Records provided START

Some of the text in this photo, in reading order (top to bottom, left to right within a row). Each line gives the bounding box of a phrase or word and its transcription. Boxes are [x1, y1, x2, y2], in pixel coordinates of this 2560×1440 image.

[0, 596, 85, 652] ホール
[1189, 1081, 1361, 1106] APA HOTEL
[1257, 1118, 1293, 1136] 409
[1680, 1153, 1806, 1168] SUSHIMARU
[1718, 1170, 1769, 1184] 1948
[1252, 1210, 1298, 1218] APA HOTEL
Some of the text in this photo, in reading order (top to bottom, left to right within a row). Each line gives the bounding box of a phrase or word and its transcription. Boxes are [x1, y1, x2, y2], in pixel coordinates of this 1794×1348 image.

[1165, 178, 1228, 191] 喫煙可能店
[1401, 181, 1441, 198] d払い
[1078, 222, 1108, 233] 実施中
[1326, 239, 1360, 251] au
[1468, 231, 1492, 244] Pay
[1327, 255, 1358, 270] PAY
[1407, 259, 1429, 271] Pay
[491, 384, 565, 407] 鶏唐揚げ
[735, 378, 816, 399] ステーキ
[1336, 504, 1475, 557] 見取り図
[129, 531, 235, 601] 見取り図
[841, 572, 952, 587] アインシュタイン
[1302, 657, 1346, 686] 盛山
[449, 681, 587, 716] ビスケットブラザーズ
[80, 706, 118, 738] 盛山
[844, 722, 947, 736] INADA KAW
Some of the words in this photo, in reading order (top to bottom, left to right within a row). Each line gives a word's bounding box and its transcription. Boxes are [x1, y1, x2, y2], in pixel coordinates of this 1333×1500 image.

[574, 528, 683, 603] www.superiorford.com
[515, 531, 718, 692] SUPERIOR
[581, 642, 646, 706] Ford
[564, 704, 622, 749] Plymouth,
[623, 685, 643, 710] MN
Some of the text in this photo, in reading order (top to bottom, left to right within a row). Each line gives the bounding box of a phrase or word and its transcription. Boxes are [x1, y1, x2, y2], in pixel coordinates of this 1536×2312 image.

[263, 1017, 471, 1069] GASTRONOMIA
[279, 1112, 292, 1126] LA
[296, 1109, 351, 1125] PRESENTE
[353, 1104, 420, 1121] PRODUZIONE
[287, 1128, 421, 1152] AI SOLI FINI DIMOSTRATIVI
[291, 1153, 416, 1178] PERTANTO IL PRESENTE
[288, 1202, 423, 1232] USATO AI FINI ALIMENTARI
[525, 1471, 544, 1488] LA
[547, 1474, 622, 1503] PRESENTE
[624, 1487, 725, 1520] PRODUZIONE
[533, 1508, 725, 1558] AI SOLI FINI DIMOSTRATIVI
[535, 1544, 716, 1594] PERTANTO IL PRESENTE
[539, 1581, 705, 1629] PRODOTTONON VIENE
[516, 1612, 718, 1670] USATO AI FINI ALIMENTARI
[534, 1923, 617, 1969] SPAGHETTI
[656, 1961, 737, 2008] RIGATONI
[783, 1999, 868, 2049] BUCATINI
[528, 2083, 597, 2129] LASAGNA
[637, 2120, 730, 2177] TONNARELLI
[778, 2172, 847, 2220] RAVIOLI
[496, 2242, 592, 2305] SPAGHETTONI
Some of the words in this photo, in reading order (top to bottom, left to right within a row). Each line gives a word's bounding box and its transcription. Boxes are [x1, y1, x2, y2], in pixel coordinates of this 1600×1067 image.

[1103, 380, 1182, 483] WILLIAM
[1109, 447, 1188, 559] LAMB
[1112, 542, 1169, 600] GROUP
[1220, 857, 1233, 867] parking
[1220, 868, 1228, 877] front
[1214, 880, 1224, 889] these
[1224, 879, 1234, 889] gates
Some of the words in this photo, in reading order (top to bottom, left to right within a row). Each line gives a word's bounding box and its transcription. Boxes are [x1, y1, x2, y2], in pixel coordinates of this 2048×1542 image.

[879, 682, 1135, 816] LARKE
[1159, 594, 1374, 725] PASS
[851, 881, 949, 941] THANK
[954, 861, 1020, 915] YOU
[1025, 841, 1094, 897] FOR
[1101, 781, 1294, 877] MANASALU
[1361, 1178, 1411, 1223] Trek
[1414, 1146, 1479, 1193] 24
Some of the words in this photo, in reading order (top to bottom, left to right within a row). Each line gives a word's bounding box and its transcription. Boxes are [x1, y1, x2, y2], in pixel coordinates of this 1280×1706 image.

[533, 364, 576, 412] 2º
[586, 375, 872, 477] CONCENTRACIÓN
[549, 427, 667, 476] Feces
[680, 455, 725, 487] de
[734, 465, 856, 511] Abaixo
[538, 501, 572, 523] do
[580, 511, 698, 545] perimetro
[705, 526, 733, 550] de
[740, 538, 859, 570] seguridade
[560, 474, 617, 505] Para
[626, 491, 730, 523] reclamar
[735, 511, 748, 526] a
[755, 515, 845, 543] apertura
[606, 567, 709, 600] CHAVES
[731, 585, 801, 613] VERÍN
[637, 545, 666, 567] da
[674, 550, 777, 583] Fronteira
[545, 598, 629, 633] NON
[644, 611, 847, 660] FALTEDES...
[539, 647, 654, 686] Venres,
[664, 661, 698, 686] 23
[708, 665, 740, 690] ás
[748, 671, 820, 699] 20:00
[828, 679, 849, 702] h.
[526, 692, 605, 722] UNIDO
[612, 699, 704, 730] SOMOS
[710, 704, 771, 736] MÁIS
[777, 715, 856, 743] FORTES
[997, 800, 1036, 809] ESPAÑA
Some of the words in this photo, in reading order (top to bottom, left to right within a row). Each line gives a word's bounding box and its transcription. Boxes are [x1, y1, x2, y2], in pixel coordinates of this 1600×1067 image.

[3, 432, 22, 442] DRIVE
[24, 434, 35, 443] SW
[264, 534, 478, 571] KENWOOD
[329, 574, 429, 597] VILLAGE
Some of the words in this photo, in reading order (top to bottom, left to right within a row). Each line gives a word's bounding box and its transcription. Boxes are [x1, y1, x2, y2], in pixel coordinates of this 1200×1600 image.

Records provided END

Print the material exactly. Include every line.

= Expected answer =
Some of the text in this photo, in reading order (top to bottom, left to right within a row). Each line gives the bounding box of a phrase or word and its transcription. Boxes are [x1, y1, x2, y2], in pixel coordinates of this 2560×1440 image.

[0, 596, 85, 652] ホール
[1189, 1081, 1361, 1106] APA HOTEL
[1257, 1118, 1293, 1136] 409
[1680, 1153, 1806, 1168] SUSHIMARU
[1718, 1170, 1769, 1184] 1948
[1252, 1210, 1298, 1218] APA HOTEL
Some of the text in this photo, in reading order (top to bottom, left to right within a row). Each line gives the bounding box of a phrase or word and its transcription. Boxes are [x1, y1, x2, y2], in pixel coordinates of this 1794×1348 image.

[1165, 178, 1228, 191] 喫煙可能店
[1401, 181, 1441, 198] d払い
[1078, 222, 1108, 233] 実施中
[1326, 239, 1360, 251] au
[1468, 231, 1492, 244] Pay
[1327, 255, 1358, 270] PAY
[1407, 259, 1429, 271] Pay
[491, 384, 565, 407] 鶏唐揚げ
[735, 378, 816, 399] ステーキ
[1336, 504, 1475, 557] 見取り図
[129, 531, 235, 601] 見取り図
[841, 572, 952, 587] アインシュタイン
[1302, 657, 1346, 686] 盛山
[449, 681, 587, 716] ビスケットブラザーズ
[80, 706, 118, 738] 盛山
[844, 722, 947, 736] INADA KAW
Some of the words in this photo, in reading order (top to bottom, left to right within a row). Each line gives a word's bounding box and its transcription. Boxes are [x1, y1, x2, y2], in pixel coordinates of this 1333×1500 image.

[574, 528, 683, 603] www.superiorford.com
[515, 531, 718, 692] SUPERIOR
[581, 642, 646, 706] Ford
[564, 704, 622, 749] Plymouth,
[623, 685, 643, 710] MN
Some of the text in this photo, in reading order (top to bottom, left to right within a row). Each line gives the bounding box of a phrase or word and its transcription. Boxes are [x1, y1, x2, y2], in pixel coordinates of this 1536×2312 image.

[263, 1017, 471, 1069] GASTRONOMIA
[279, 1112, 292, 1126] LA
[296, 1109, 351, 1125] PRESENTE
[353, 1104, 420, 1121] PRODUZIONE
[287, 1128, 421, 1152] AI SOLI FINI DIMOSTRATIVI
[291, 1153, 416, 1178] PERTANTO IL PRESENTE
[288, 1202, 423, 1232] USATO AI FINI ALIMENTARI
[525, 1471, 544, 1488] LA
[547, 1474, 622, 1503] PRESENTE
[624, 1487, 725, 1520] PRODUZIONE
[533, 1508, 725, 1558] AI SOLI FINI DIMOSTRATIVI
[535, 1544, 716, 1594] PERTANTO IL PRESENTE
[539, 1581, 705, 1629] PRODOTTONON VIENE
[516, 1612, 718, 1670] USATO AI FINI ALIMENTARI
[534, 1923, 617, 1969] SPAGHETTI
[656, 1961, 737, 2008] RIGATONI
[783, 1999, 868, 2049] BUCATINI
[528, 2083, 597, 2129] LASAGNA
[637, 2120, 730, 2177] TONNARELLI
[778, 2172, 847, 2220] RAVIOLI
[496, 2242, 592, 2305] SPAGHETTONI
Some of the words in this photo, in reading order (top to bottom, left to right within a row). Each line gives a word's bounding box and its transcription. Boxes are [x1, y1, x2, y2], in pixel coordinates of this 1600×1067 image.

[1103, 380, 1182, 483] WILLIAM
[1109, 447, 1188, 559] LAMB
[1112, 542, 1169, 600] GROUP
[1220, 857, 1233, 867] parking
[1220, 868, 1228, 877] front
[1214, 880, 1224, 889] these
[1224, 879, 1234, 889] gates
Some of the words in this photo, in reading order (top to bottom, left to right within a row). Each line gives a word's bounding box and its transcription. Boxes are [x1, y1, x2, y2], in pixel coordinates of this 2048×1542 image.

[879, 682, 1135, 816] LARKE
[1159, 594, 1374, 725] PASS
[851, 881, 949, 941] THANK
[954, 861, 1020, 915] YOU
[1025, 841, 1094, 897] FOR
[1101, 781, 1294, 877] MANASALU
[1361, 1178, 1411, 1223] Trek
[1414, 1146, 1479, 1193] 24
Some of the words in this photo, in reading order (top to bottom, left to right within a row). Each line gives a word's bounding box and its transcription. Boxes are [x1, y1, x2, y2], in pixel coordinates of this 1280×1706 image.

[533, 364, 576, 412] 2º
[586, 375, 872, 477] CONCENTRACIÓN
[549, 427, 667, 476] Feces
[680, 455, 725, 487] de
[734, 465, 856, 511] Abaixo
[538, 501, 572, 523] do
[580, 511, 698, 545] perimetro
[705, 526, 733, 550] de
[740, 538, 859, 570] seguridade
[560, 474, 617, 505] Para
[626, 491, 730, 523] reclamar
[735, 511, 748, 526] a
[755, 515, 845, 543] apertura
[606, 567, 709, 600] CHAVES
[731, 585, 801, 613] VERÍN
[637, 545, 666, 567] da
[674, 550, 777, 583] Fronteira
[545, 598, 629, 633] NON
[644, 611, 847, 660] FALTEDES...
[539, 647, 654, 686] Venres,
[664, 661, 698, 686] 23
[708, 665, 740, 690] ás
[748, 671, 820, 699] 20:00
[828, 679, 849, 702] h.
[526, 692, 605, 722] UNIDO
[612, 699, 704, 730] SOMOS
[710, 704, 771, 736] MÁIS
[777, 715, 856, 743] FORTES
[997, 800, 1036, 809] ESPAÑA
Some of the words in this photo, in reading order (top to bottom, left to right within a row). Each line gives a word's bounding box and its transcription. Boxes are [x1, y1, x2, y2], in pixel coordinates of this 1600×1067 image.

[3, 432, 22, 442] DRIVE
[24, 434, 35, 443] SW
[264, 534, 478, 571] KENWOOD
[329, 574, 429, 597] VILLAGE
Some of the words in this photo, in reading order (top to bottom, left to right within a row). Each line gives a word's bounding box and its transcription. Boxes are [x1, y1, x2, y2], in pixel coordinates of this 1200×1600 image.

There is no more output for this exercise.